There are some minor proofing issues on this page, but nothing egregious. The text could use a very light copyedit for clarity in a few places (e.g., the A/A-plus/cheerleader exposition, which I found to be a bit muddy). Otherwise, this excerpt is in great shape.

Thank again to everyone who participates. Remember, if you offer your own comments and suggestions on “Ideal High,” please be constructive and respectful. See you next week!

Thursday, July 14, 2011

Your Character Checklist

When you are writing, it’s easy to get too close to your characters. After all, they are in your head 24/7 and you know them well. So, today, I’d like to offer you a character checklist to go over, just to make sure that your characters are everything you want them to be.

1. Is your character motivation obvious? My main character in Ribbon of Darkness has just buried his father and is out for revenge. All of his motivation is directed toward finding the killer and making sure his father’s killer gets what he deserves. That kind of motivation is obvious. But the subtext becomes if when he is faced with the opportunity, can he mete out the vigilante justice he was imagining? Can he become the killer he abhors? So, you see, the primary motivation also has a secondary point to it.

But what about the subtle character who is in the background, a supporting character perhaps. Do they have a motivation? Are they necessary for main character motivation? Can you combine them with another character or are they truly necessary? What motivated you to put them in the story in the first place? (And yes, I’ve had to cut characters when I’ve realized that they really didn’t add to the story.) Motivation is important from main character to secondary ones.

One thing that’s really helped me with my character motivation is to write out a list of every character that appears in my manuscript and do a short blurb on them. That makes it very easy to see who is extraneous and who might need a little more motivation.

2. Do you characters have a voice? It’s important for your characters to have a unique personality, or “voice,” that makes them more real on the page. It’s sort of like looking around at your friends. I have friends that are always happy, can tell jokes and laugh loudly, friends that are always busy with a new cause and usually start conversations with, "Well, let me tell you this," friends that are constantly with their nose in a book and can spout off their opinions on pretty much any author with the least provocation. Each one of those people are unique, they have a unique “voice” about them in how they deal with the world around them and run their lives, and that is what draws me to them. Your characters in your book need this as well---something that will draw people to them and make it easier to relate to them.

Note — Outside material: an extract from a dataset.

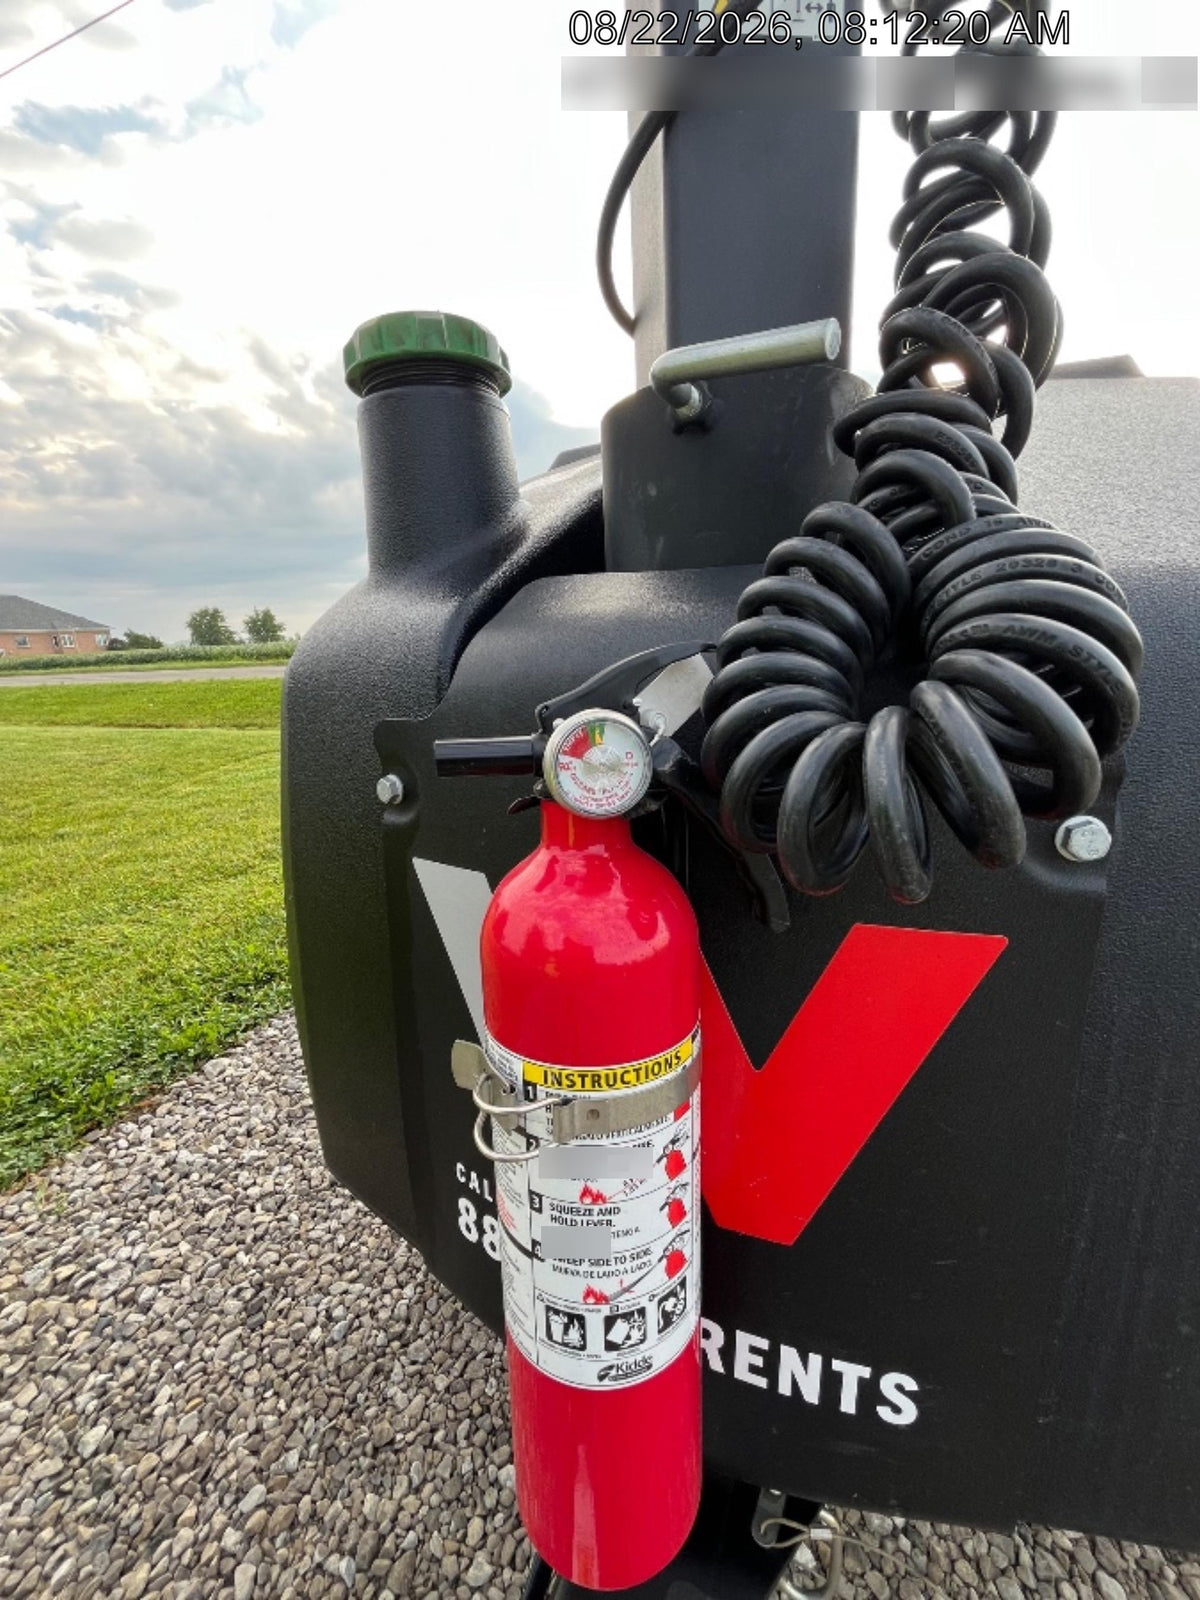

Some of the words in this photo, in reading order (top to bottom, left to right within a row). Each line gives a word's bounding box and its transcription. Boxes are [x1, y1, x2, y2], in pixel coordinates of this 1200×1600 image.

3. Have you described your characters? I went through my last book and realized that I hadn’t described one of the main characters until well into chapter three. Of course, you have to be subtle, you can’t just throw in a laundry list of “John was 6’2”, long brown hair pulled back with an elastic, aquiline nose, azure blue eyes, strong jaw, good muscular frame, and very large feet.” You have to make it natural by giving the info piece by piece, (i.e. he has to re-tie his hair before dinner, or he tried to squish into a small booth, etc.) and please, for the love, do not use the cliché description of azure eyes and a strong jaw. Really see the details in your mind and be fresh in your descriptions.

4. Do your characters have flaws? I read a popular book thinking I would love the hero as much as all my friends had, but I found myself annoyed by him because every time there was a problem, the hero would appear and fix it. It wasn’t even hard for him, he just seemed to be able to do everything right and save everyone. He was just too perfect (he was even perfect in his description!) Every person has a flaw, whether it’s physical (his ears stuck out a little, his nose was slightly crooked, etc.) or an inner flaw (insecure, impatient, too focused, always stressed out, you get the picture.) It is more realistic for your characters to have a flaw of some kind and frankly, it’s more fun to write (and read) about someone you can identify with, since we’re all flawed.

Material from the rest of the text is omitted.